THINK ON THESE: When death is not the end of life

So many eulogies have been said and written. Oftentimes, people cry when they hear one. “Tears are sometimes an inappropriate response to death,” urged Julie Burchill. “When a life has been lived completely honestly, completely successfully, or just completely, the correct response to death’s perfect punctuation mark is a smile.”

“On a day of burial there is no perspective – for space itself is annihilated,” wrote Antoine de Saint-Exupery. “Your dead friend is still a fragmentary being. The day you bury him is a day of chores and crowds, of hands false or true to be shaken, of the immediate cares of mourning. The dead friend will not really die until tomorrow, when silence is round you again. Then he will show himself completely, as he was – to tear himself away, as he was, from the substantial you. Only then will you cry out because of him who is leaving and whom you cannot detain.”

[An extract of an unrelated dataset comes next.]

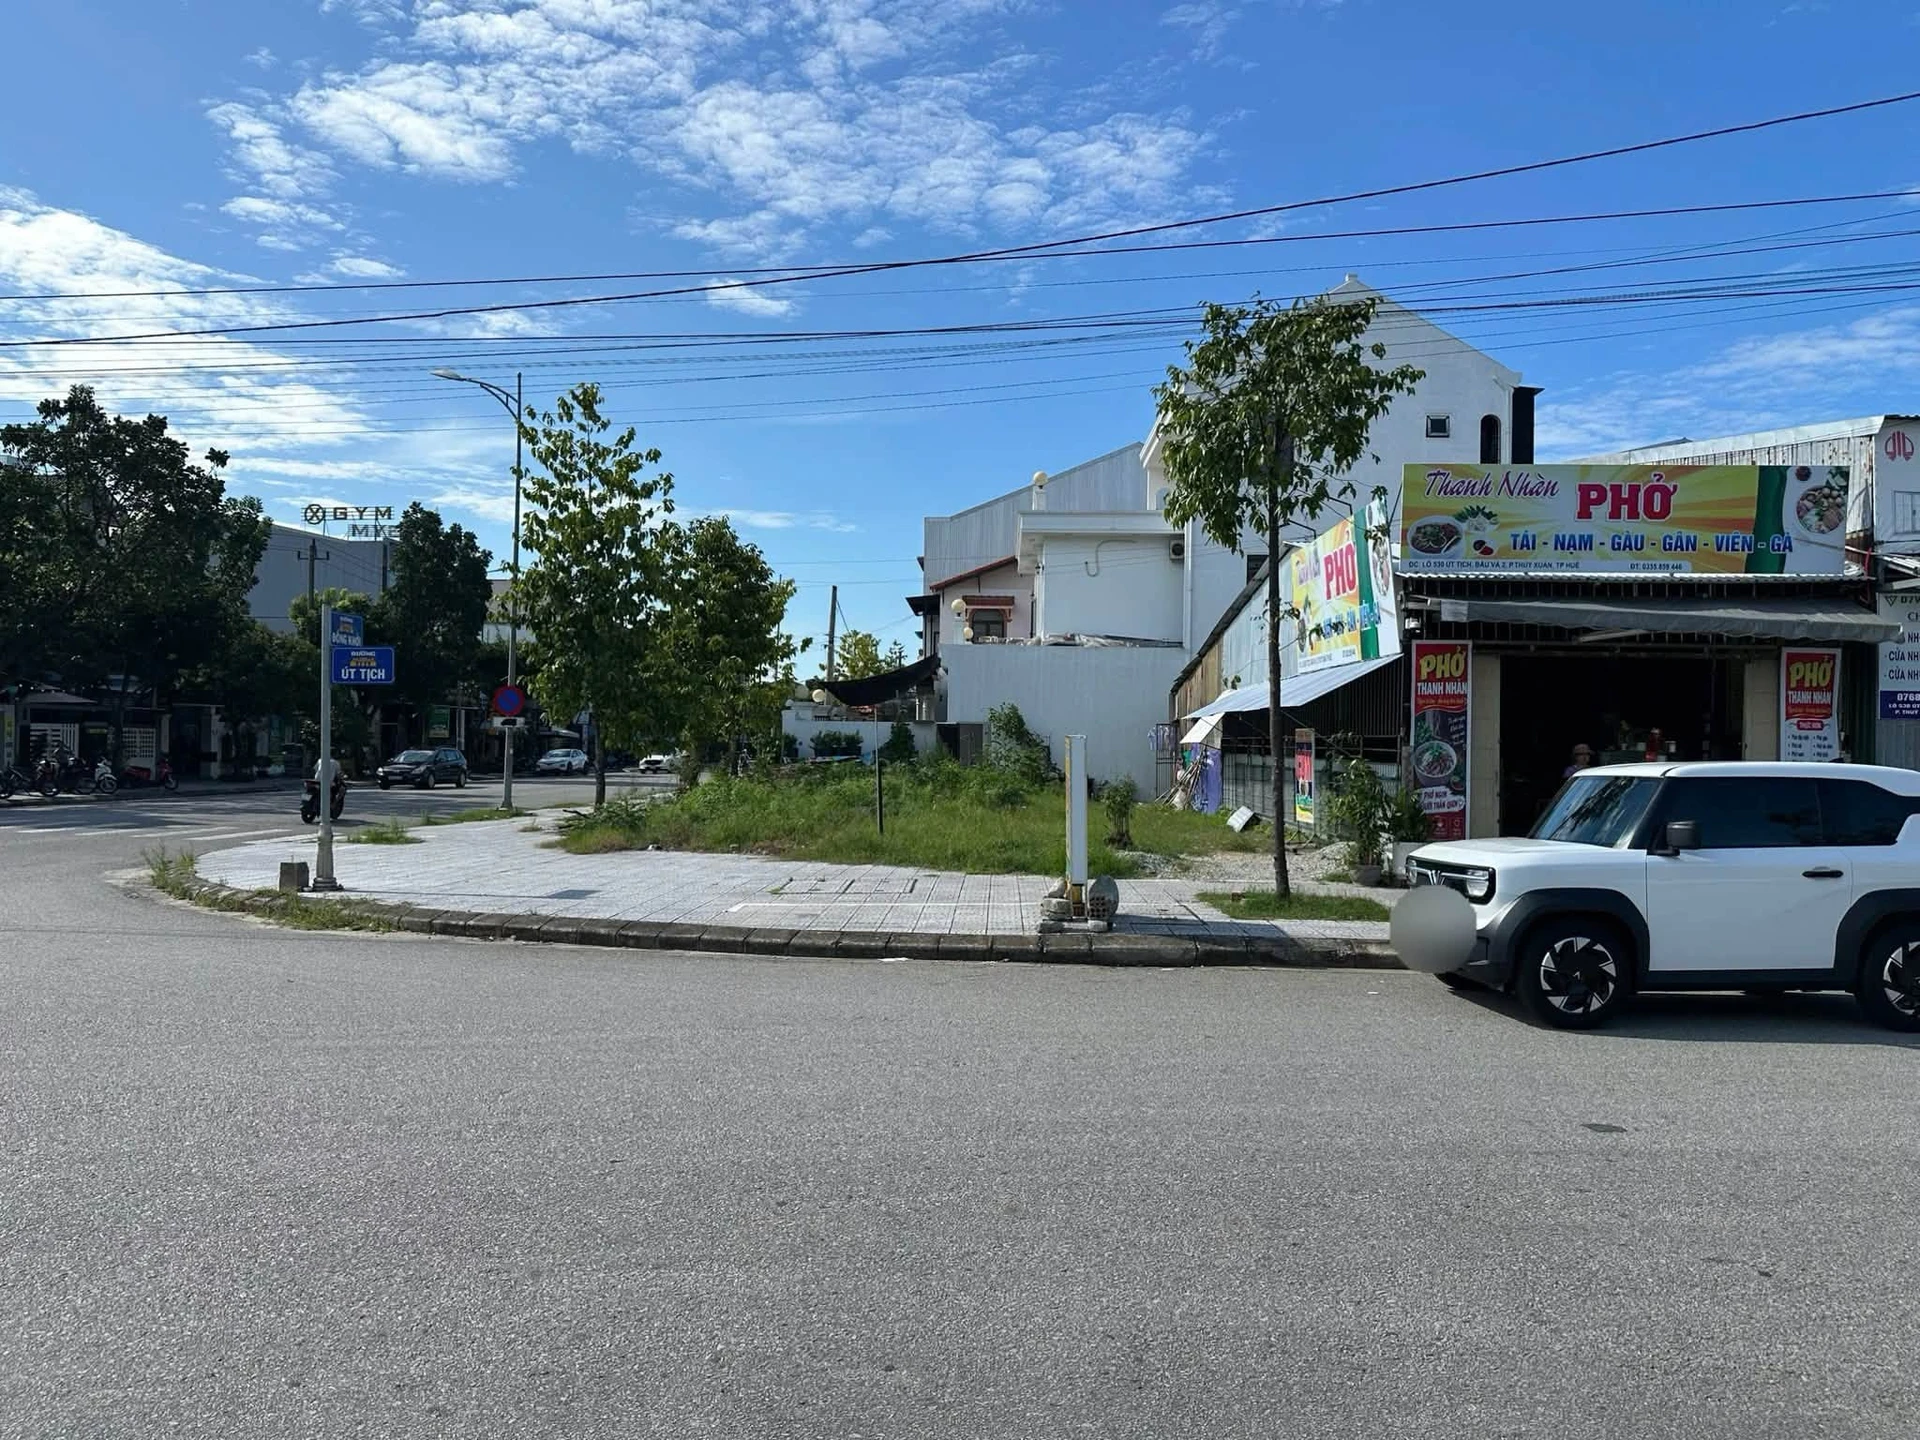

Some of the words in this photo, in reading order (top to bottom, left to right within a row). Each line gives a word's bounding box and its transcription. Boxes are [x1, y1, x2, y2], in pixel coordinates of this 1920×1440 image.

When Fernando Poe Jr. passed away on December 14, 2004, the Filipino nation grieved. However, his death marked the conclusion of his life. People will forever remember him as “Da King” of Philippine cinema due to his numerous box office successes.

His colleagues will think of him as the thespian who received acting awards for his performances in Mga Alabok ng Lupa (1967), Asedillo (1971), Durugin si Totoy Bato, Umpisahan Mo, Tatapusin Ko (1983), and Muslim Magnum .357 (1987).

Moreover, the world will not forget him as the person who challenged Gloria Macapagal-Arroyo for the position of the country’s leader. His supporters will remember him as the presidential candidate who was “deprived of the election for which he made the ultimate sacrifice.”

Although Fernando Poe Jr. is no longer with us, future generations will continue to recognize him through his films, his life story, and his admirers. His impact on Filipino cinema and his enduring legacy will persist eternally!

Kurt Vonnegut, author of Slaughterhouse-Five, reiterated, “The most important thing I learned… was that when a person dies he only appears to die. He is still very much alive in the past, so it is very silly for people to cry at his funeral. All moments, past, present and future, always have existed, always will exist.

“They can look at all the different moments just that way we can look at a stretch of the Rocky Mountains, for instance. They can see how permanent all the moments are and they can look at any moment that interests them. It is just an illusion we have here on Earth that one moment follows another one, like beads on a string, and that once a moment is gone it is gone forever!”

“Our death is not an end,” said Albert Einstein, “if we can live on in our children and the younger generation. For they are us, our bodies are only wilted leaves on the tree of life.”

That was what Oscar winner Heath Ledger also said. By having a child of his own, he believed the “circle of life” will continue. Before he died, the Australian actor was quoted as saying, “Having a child changes every aspect of your life – for the better, of course. The sacrifices are large, but what you get in return is even bigger than the sacrifices you make. I feel, in a sense, ready to die because you are living on in your child. Not literally, not ready to die – but you know, that sort of feeling in a profound way.” Prophetic words, these?

Marcel Proust puts it this way, “People do not die for us immediately, but remain bathed in a sort of aura of life which bears no relation to true immortality but through which they continue to occupy our thoughts in the same way as when they were alive. It is as though they were traveling abroad.”

Upon our entry into this world, death is inherently intertwined with life. Indeed, some infants do not survive to celebrate their first birthday. Others live to an old age before passing away. Death represents the counterpart to life. As Henry Van Dyke puts it, “Some people are so afraid to die that they never begin to live.”

No one can escape from death. “Every man dies,” said William Wallace (portrayed superbly by Mel Gibson) in the award-winning movie Braveheart. “Not every man really lives.”

And death does not respect anyone. “You may be a king or a little street sweeper, but sooner or later you dance with the reaper!” said a quote from the movie, Bill and Ted’s Bogus Journey.

But death, as stated earlier, is not the end. In some instances, death is the beginning. So, while you are still alive, work on something that people can always remember when you were still alive. That way, you keep on living.

Perhaps the statement of Ray Bradbury, author of Fahrenheit 451, is a good reminder: “Everyone must leave something behind when he dies, my grandfather said. A child or a book or a painting or a house or a wall built or a pair of shoes made. Or a garden planted. Something your hand touches in some way so your soul has somewhere to go when you die, and when people look at that tree or that flower you planted, you’re there. It doesn’t matter what you do, he said, so as long as you change something from the way it was before you touched it into something that’s like you after you take your hands away.”

Ancient Egyptians believed that upon death they would be asked two questions and their answers would determine whether they could continue their journey in the afterlife. The first question was, “Did you bring joy?” The second was, “Did you find joy?”

Or as one sage puts it, “When you were born, you cried, and the world rejoiced. Live your life in such a manner that when you die, the world cries and you rejoice.”